Gina berusaha membawa Kirana pergi, tapi tiba-tiba dua orang pria menghadang mereka.
“Tidak semudah itu pergi dari kami. Kau sendiri yang membuat masalah, jadi kau harus selesaikan,” ucap salah seorangnya.
Selang beberapa detik, Kirana merasakan kepalanya perih. Rambutnya ditarik dengan keras dari belakang. Kirana mencoba melepaskan, namun tarikan itu semakin kuat.
“Kau mungkin bisa selamat satu kali, tapi aku pastikan kau tidak akan mendapatkan kesempatan kedua, Nada. Kau akan benar-benar mati kali ini.” Suara itu terdengar lirih namun sangat jelas dan panas di telinga Kirana.
Tiba-tiba saja sebuah tendangan keras melayang ke pinggang Kirana, nyaris membuat Kirana tersungkur keras ke tanah.
“Kamu tidak apa-apa?” Terdengar lirih suara seseorang. Seorang pria yang baru saja menyelamatkan Kirana. Andai saja pria itu tidak datang tepat waktu, dipastikan Kirana akan celaka untuk ke dua kalinya.

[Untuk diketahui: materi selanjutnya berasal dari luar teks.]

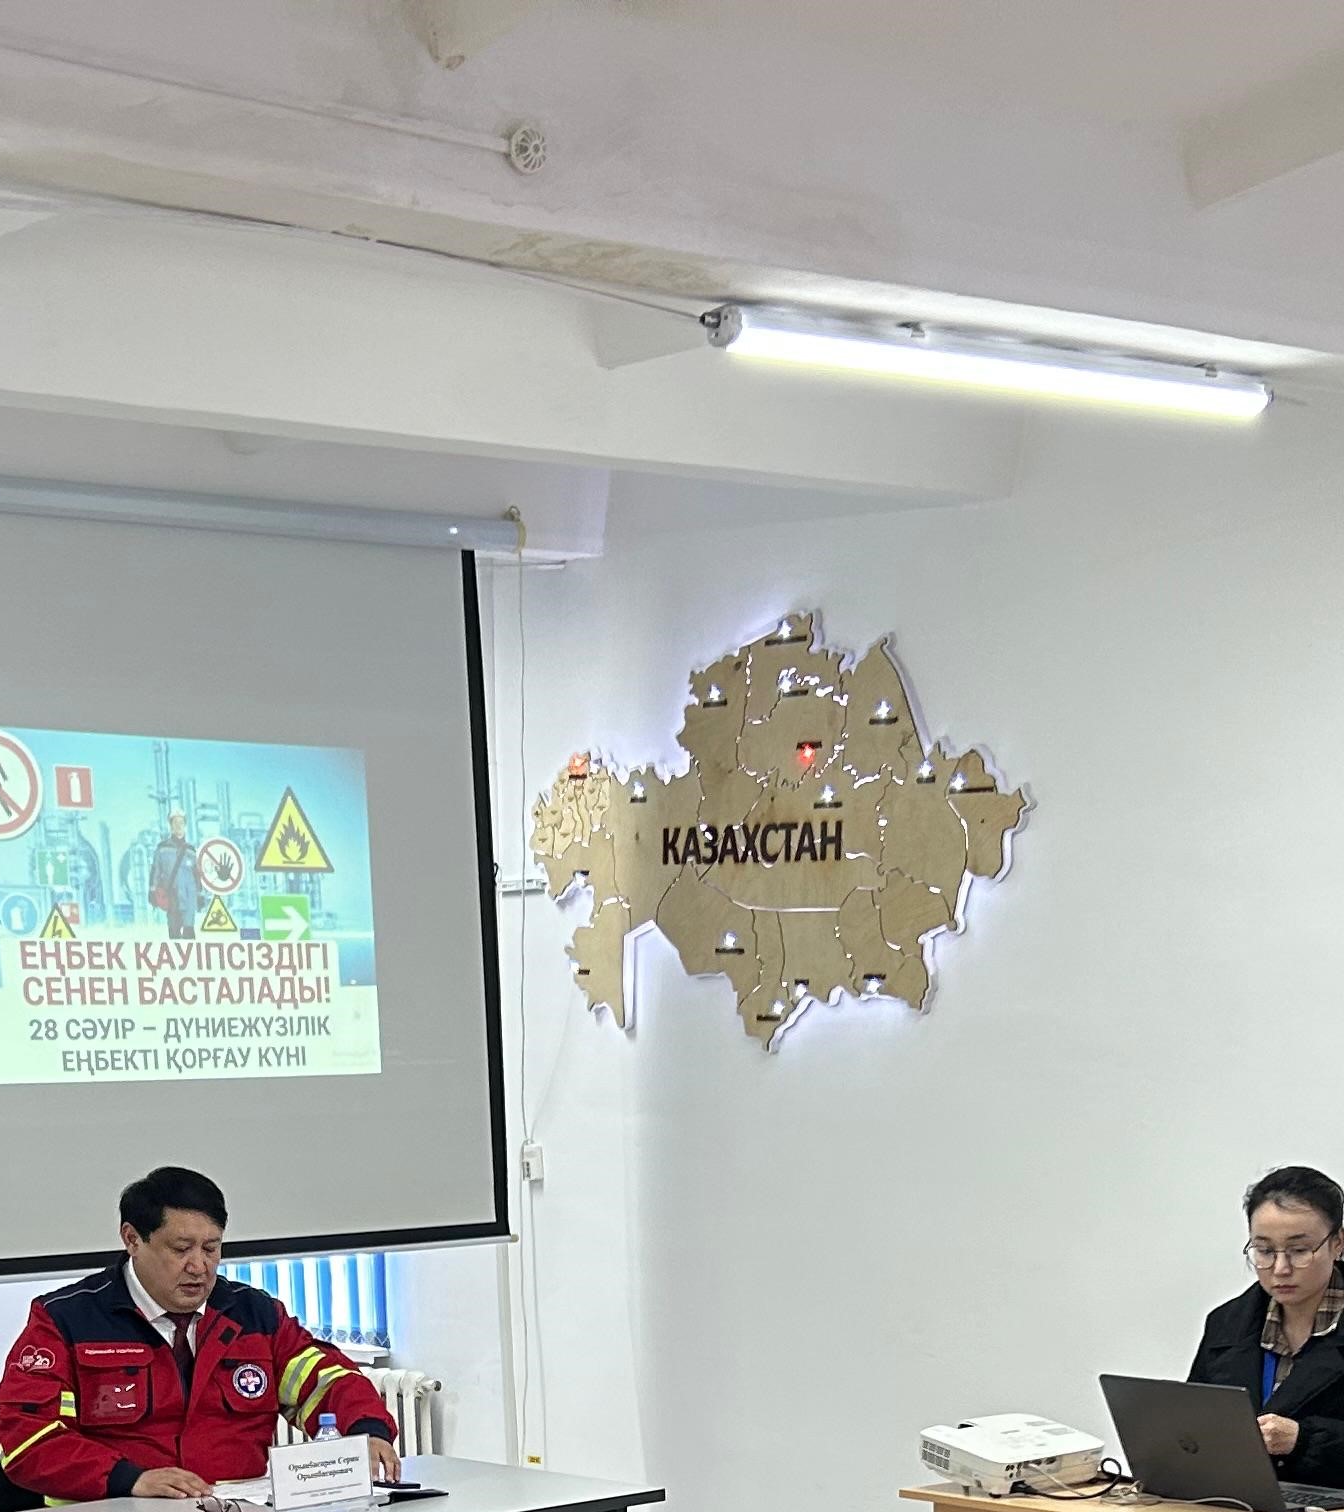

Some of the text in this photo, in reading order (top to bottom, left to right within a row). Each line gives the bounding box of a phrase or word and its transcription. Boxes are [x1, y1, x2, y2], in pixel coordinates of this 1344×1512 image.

[661, 820, 843, 866] КАЗАХСТАН
[19, 941, 329, 976] ЕҢБЕК ҚАУІПСІЗДІГІ
[22, 977, 331, 1009] СЕНЕН БАСТАЛАДЫ!
[29, 1019, 58, 1040] 28
[65, 1018, 135, 1040] СӘУІР
[163, 1016, 331, 1043] ДҮНИЕЖҮЗІЛІК
[62, 1046, 306, 1075] ЕҢБЕКТІ ҚОРҒАУ КҮНІ
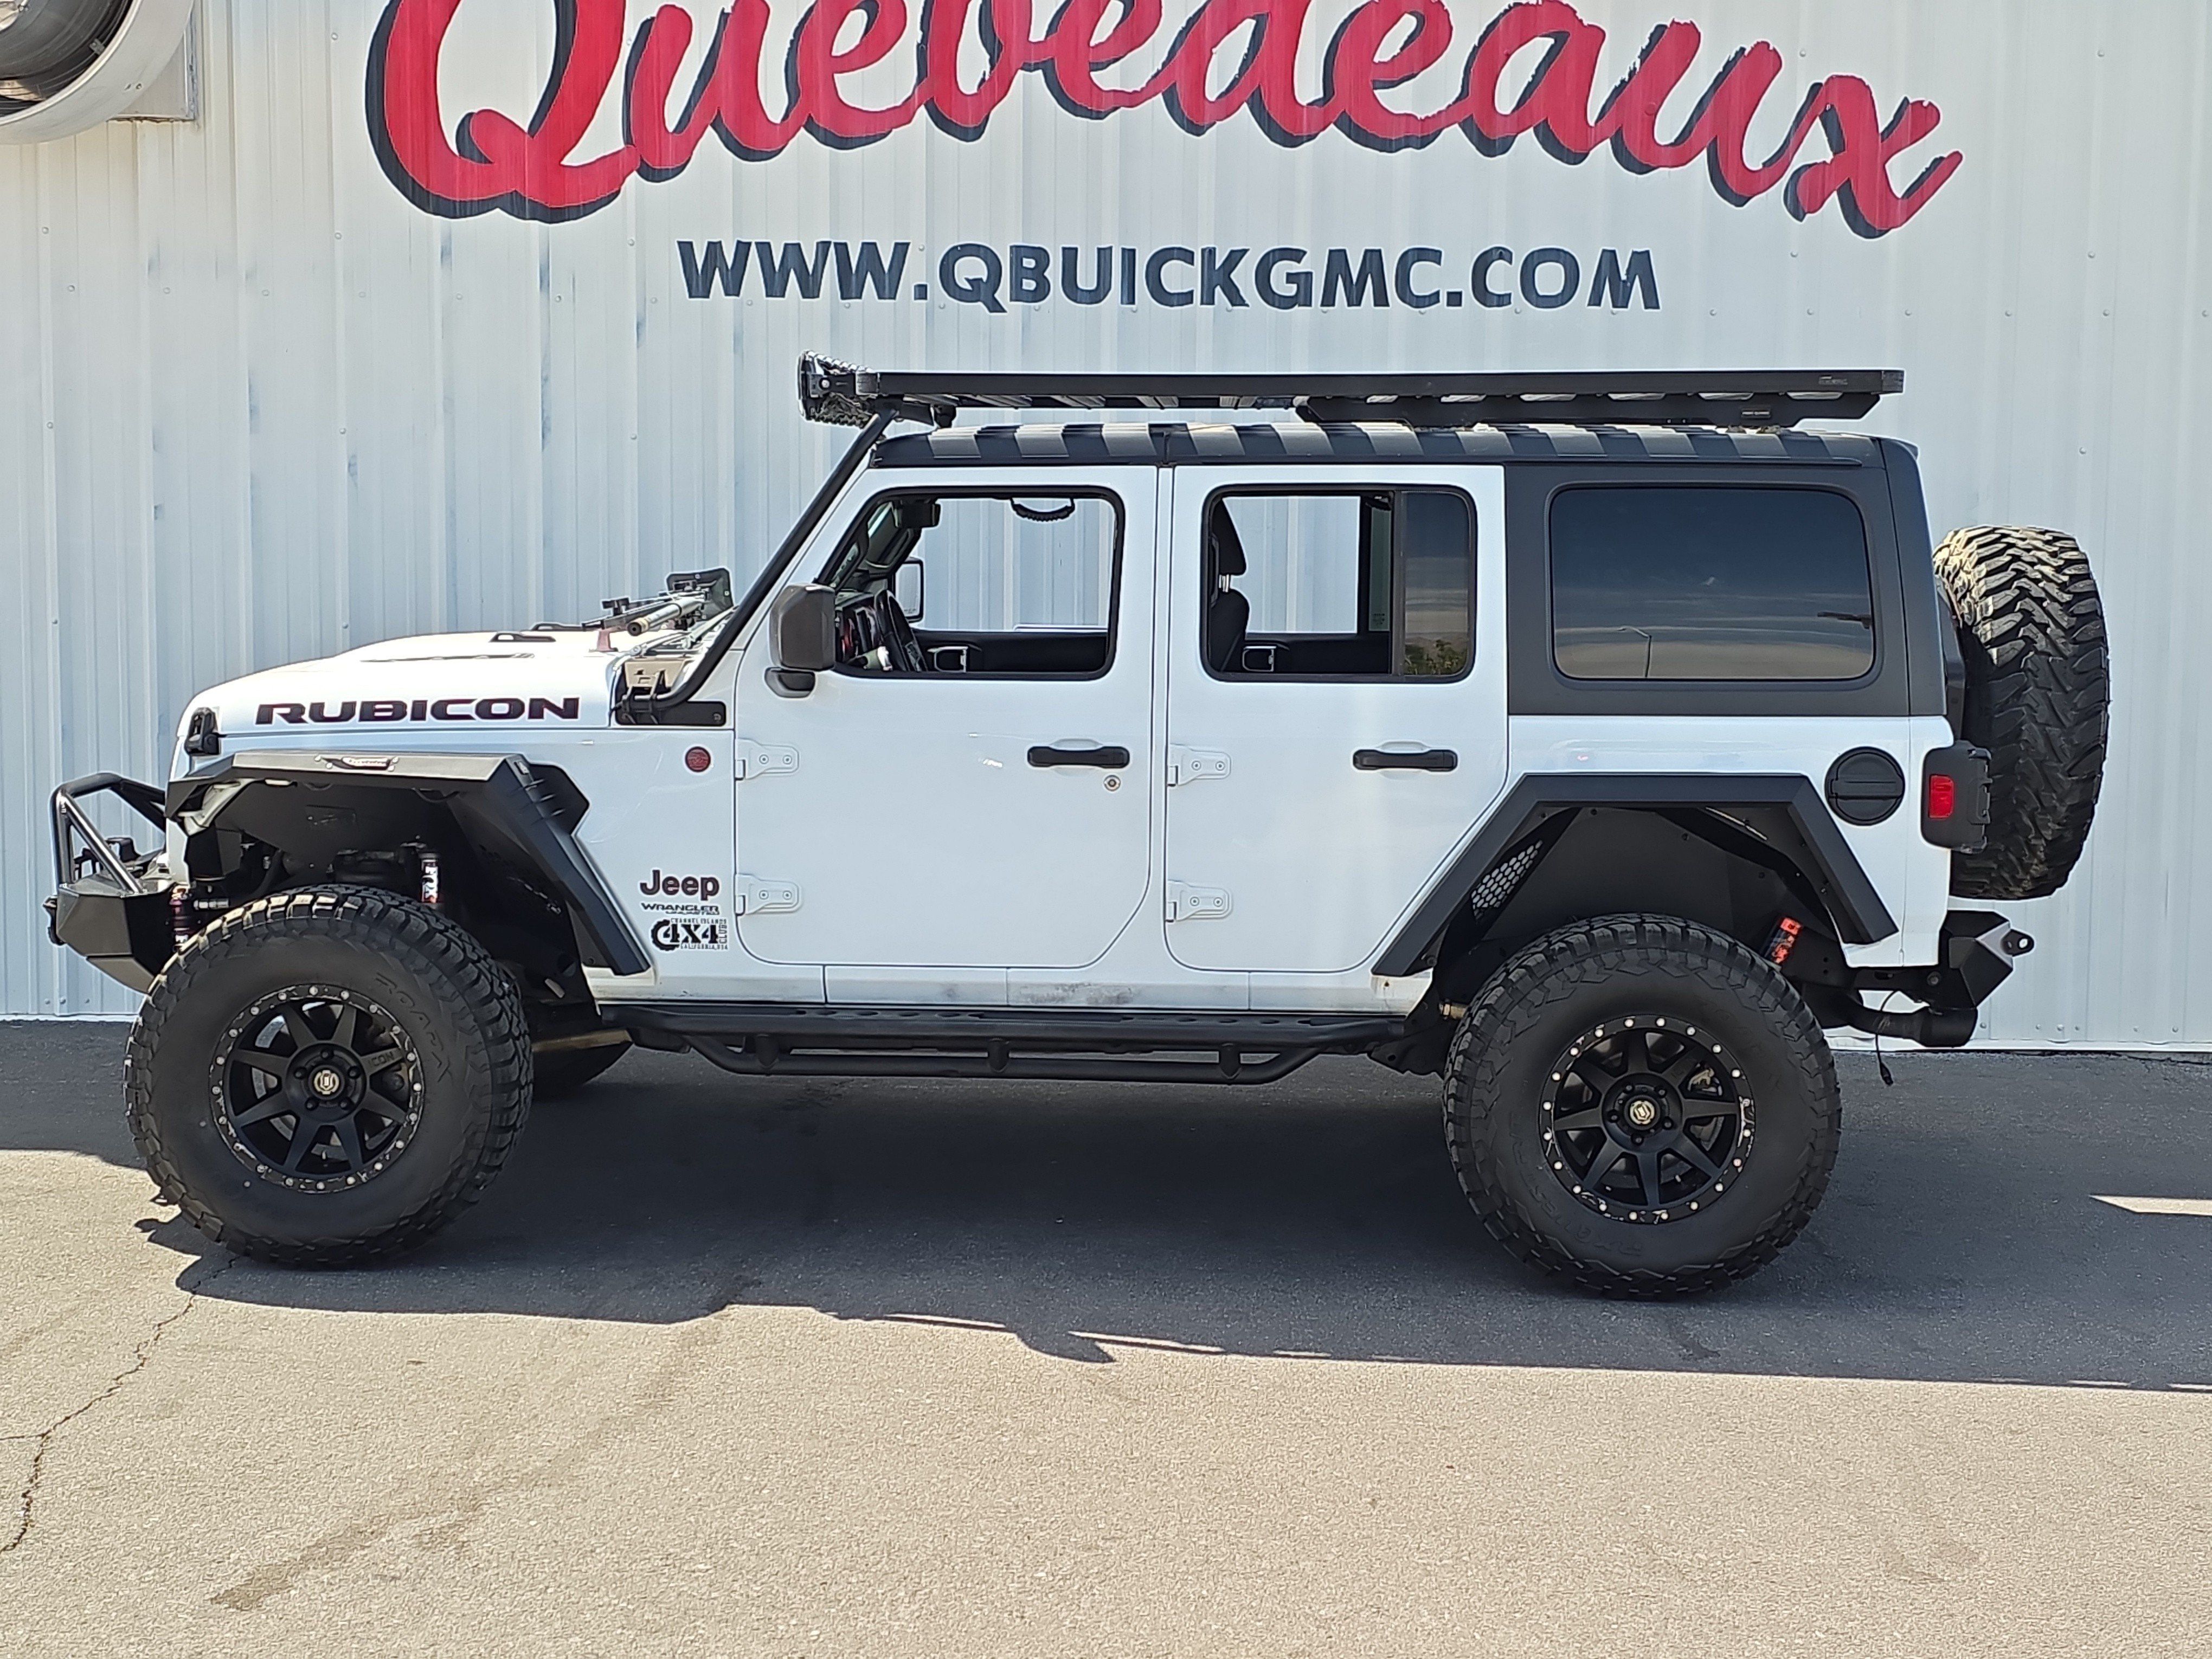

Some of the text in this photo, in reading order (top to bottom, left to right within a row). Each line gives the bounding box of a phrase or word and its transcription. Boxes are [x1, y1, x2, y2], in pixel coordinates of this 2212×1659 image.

[676, 240, 1660, 313] WWW.QBUICKGMC.COM
[255, 697, 580, 725] RUBICON
[640, 870, 719, 901] Jeep
[641, 903, 719, 911] WRANGLER
[369, 1051, 394, 1067] ICON

Kirana mengalihkan pandangannya ke atas. Lagi-lagi ia kaget. Dengan cepat, ia menyentak tubuhnya dari dekapan pria yang sudah menyelamatkannya hari itu.
Tanpa ucapan terima kasih, Kirana langsung menyambar tangan Gina dan menariknya menjauh dari sana.
“Nada, kamu nggak berterima kasih dulu. Dia sudah selamatin kamu lho,” ucap Gina. Ia masih tidak habis pikir, kenapa tiba-tiba saja Kirana mengajaknya pergi menjauh.
Kirana hanya diam. Yang ia ingat, wajah itu sangat ia benci. Wajah seseorang yang melempar batu pertama ketika ia dihukum rajam beberapa puluh tahun silam. Senyum sinis dan tidak peduli, bahkan tidak ada belas kasih kepadanya disaat ia meregang nyawa.
Gina menyentak tangannya dari genggaman Kirana, menbuat langkah keduanya terhenti.
“Nada, jelaskan dulu kepadaku, kamu kenapa sebenarnya?” tanya Gina.
Bukannya menjawab, Kirana malah melancong pergi. Meninggalkan sahabatnya dengan berjuta pertanyaan bersemayam di benaknya—mungkin.